In the present study, metabolic diseases were defined using both diagnostic and medication claim codes, which was more accurate than a definition using only diagnostic codes. Based on the results of the present study, hypertension and diabetes are associated with Bell’s palsy, whereas dyslipidemia is still controversial regarding its association with Bell’s palsy when considering the administration of statin.

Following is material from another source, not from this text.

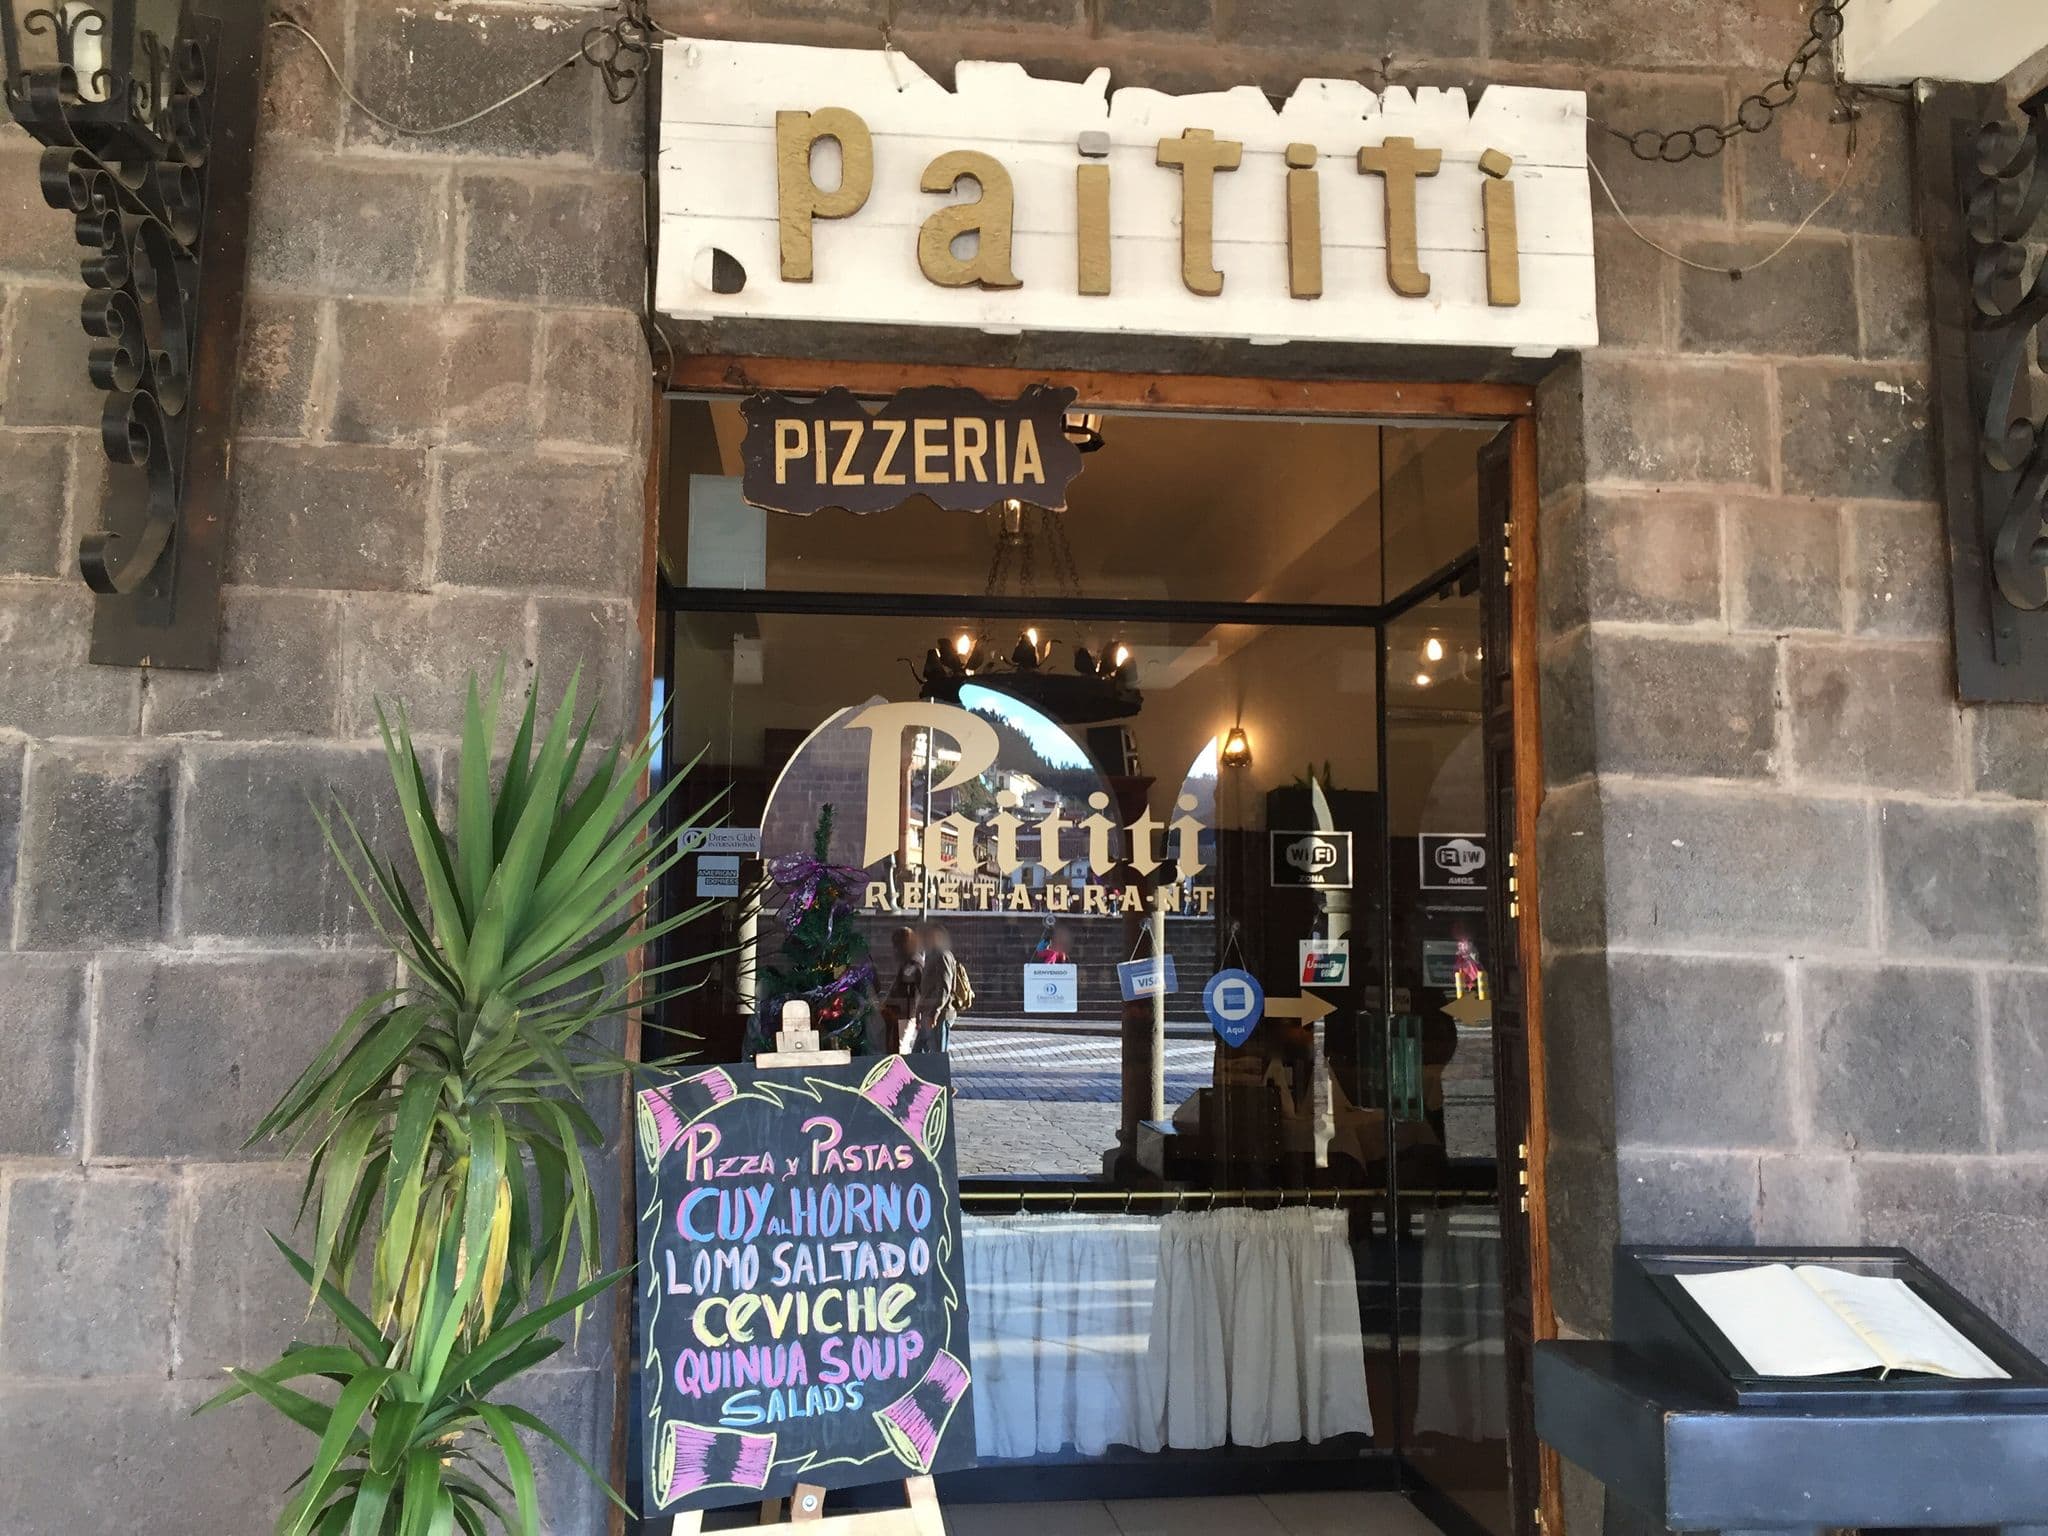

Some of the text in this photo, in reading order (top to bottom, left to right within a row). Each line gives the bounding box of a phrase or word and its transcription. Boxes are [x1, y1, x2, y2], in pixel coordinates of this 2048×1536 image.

There were several limitations to our study. First, the risk factors for Bell’s palsy were analyzed based on the diagnostic codes and medication claim codes, which do not reflect the actual incidence of the disease. Second, only the predicting factors for Bell’s palsy were analyzed and the prognostic factors were not evaluated because the degree and prognosis of Bell’s palsy could not be verified in the population-based database that was based on diagnostic and medication claim codes. Nonetheless, this study analyzed the relationship between sociodemographic factors and major chronic metabolic diseases with Bell’s palsy comprehensively using population-based database over a long-term period, which contributes to clinical and socio-economic understanding of this condition. Although novel risk factors were not revealed in the present study, this study was performed using population-based data and suggests that patients with risk factors for Bell’s palsy should be carefully evaluated for prevention and clinical practice of Bell’s palsy.

Conclusion

In summary, male sex, advanced age, residence in a location other than the capital and metropolitan cities, hypertension, and diabetes were significant risk factors for Bell’s palsy based on population-based data in Korea.